**What the task requires**
Reproduce the entries beneath exactly, without their images.

===== Record extracts

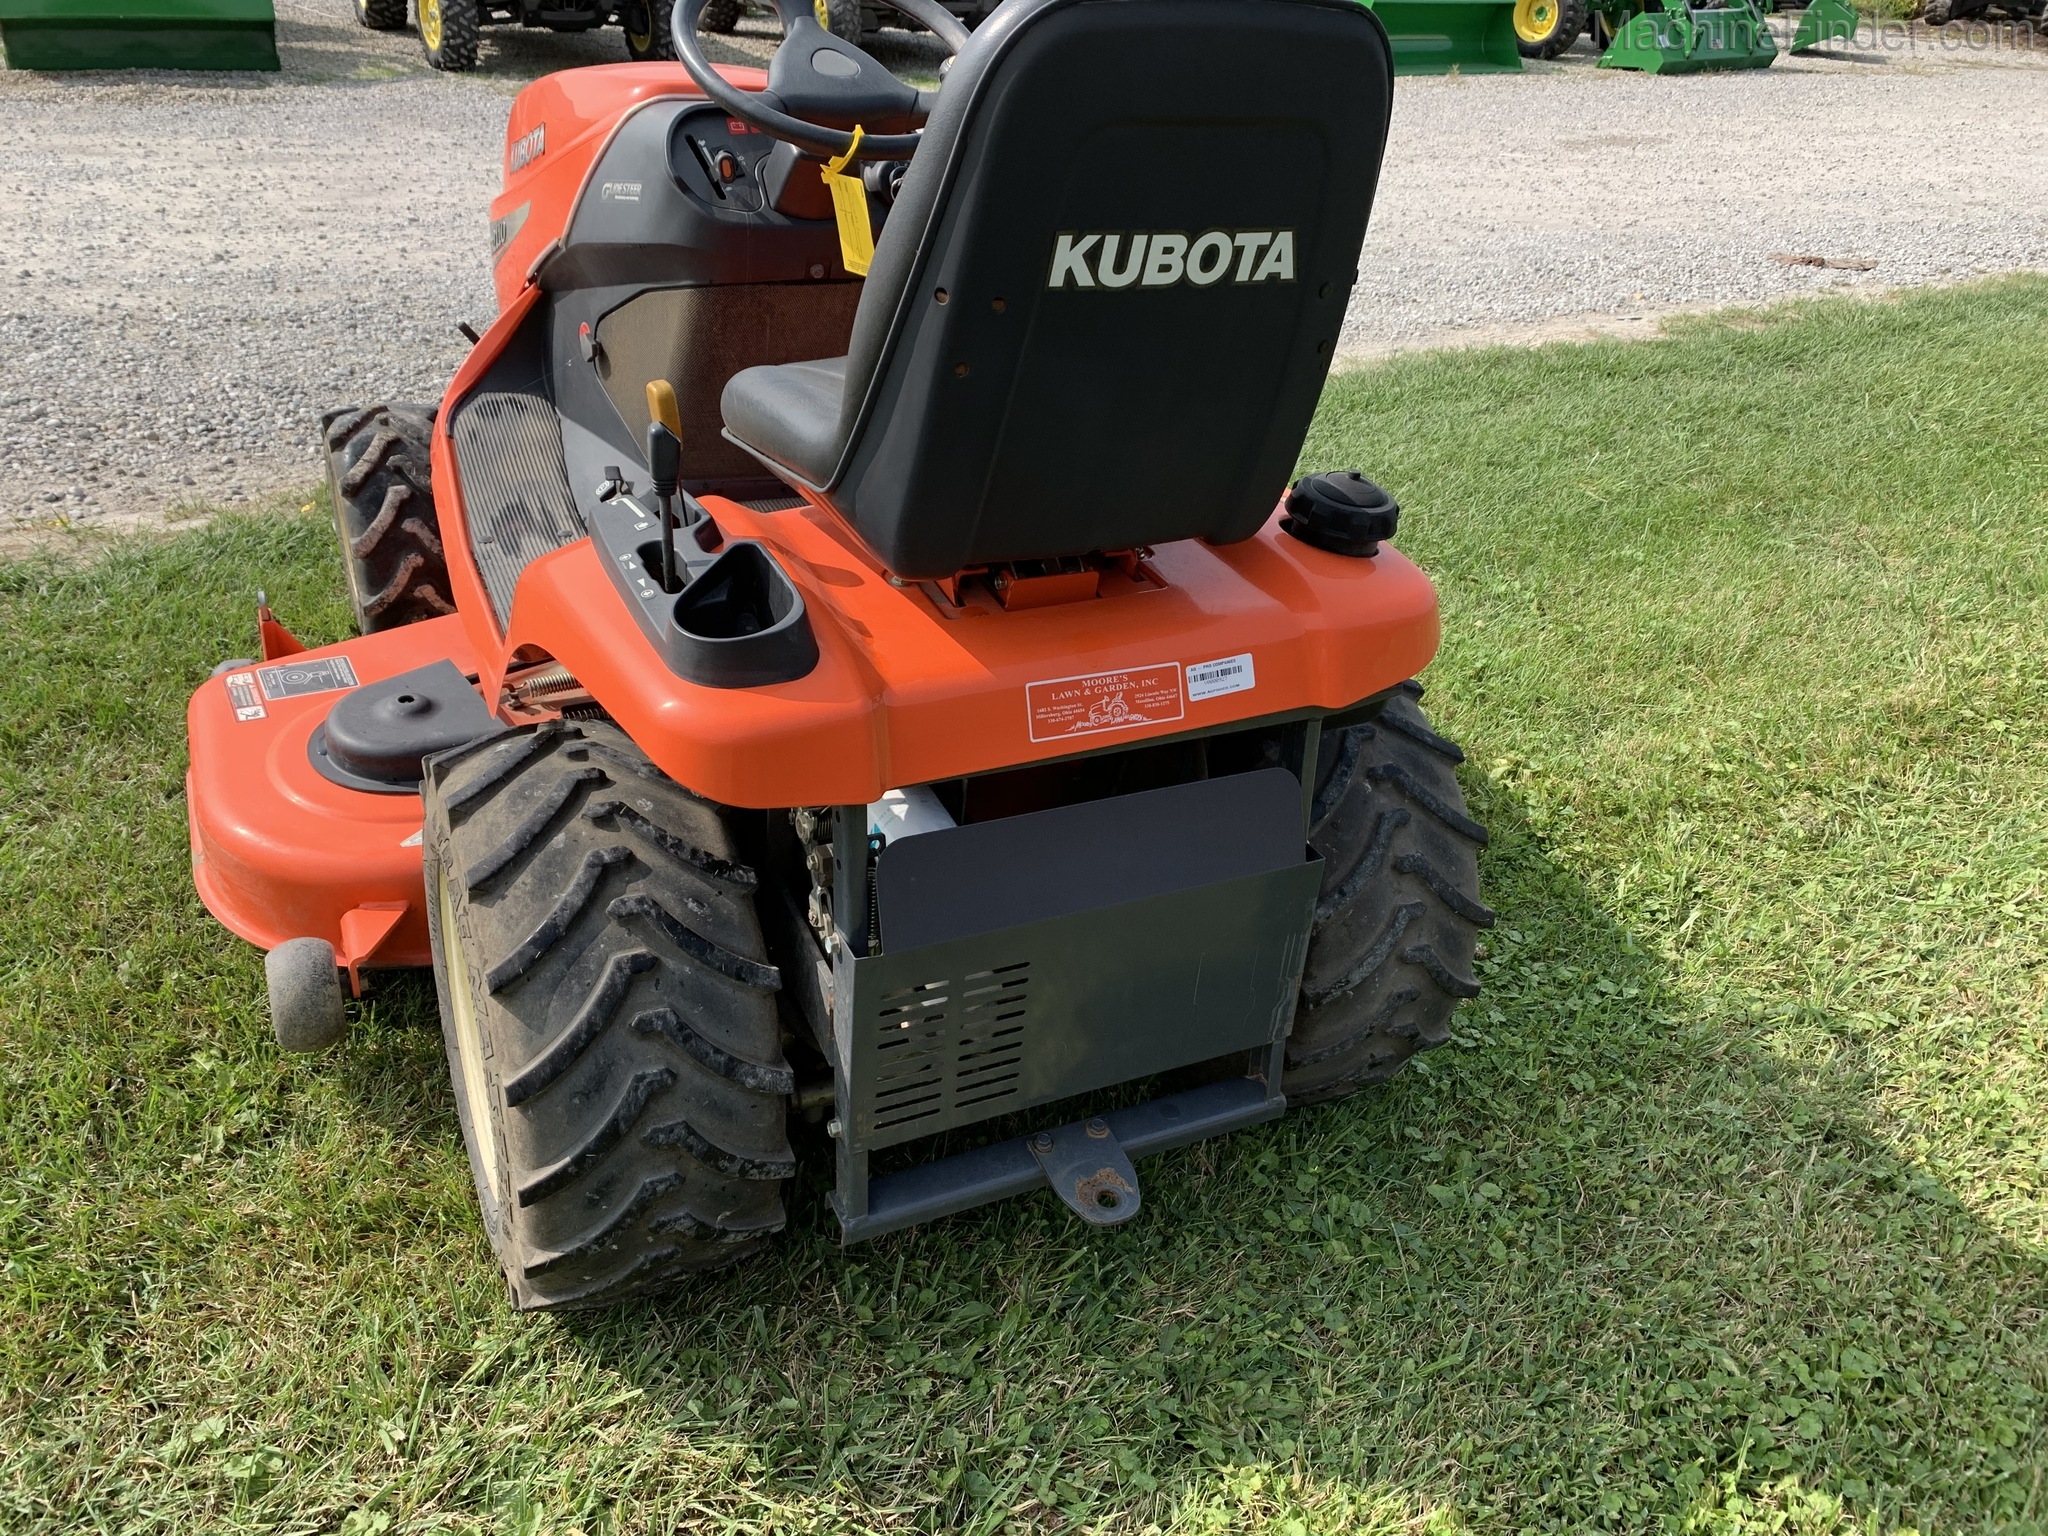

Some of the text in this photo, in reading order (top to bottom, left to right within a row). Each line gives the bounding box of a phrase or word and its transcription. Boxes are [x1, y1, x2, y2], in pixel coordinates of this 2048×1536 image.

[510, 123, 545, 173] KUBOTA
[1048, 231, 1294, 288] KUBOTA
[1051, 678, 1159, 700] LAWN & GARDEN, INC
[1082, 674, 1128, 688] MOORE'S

==========

**Completed exercise**
Some of the text in this photo, in reading order (top to bottom, left to right within a row). Each line gives the bounding box of a phrase or word and its transcription. Boxes are [x1, y1, x2, y2], in pixel coordinates of this 2048×1536 image.

[510, 123, 545, 173] KUBOTA
[1048, 231, 1294, 288] KUBOTA
[1051, 678, 1159, 700] LAWN & GARDEN, INC
[1082, 674, 1128, 688] MOORE'S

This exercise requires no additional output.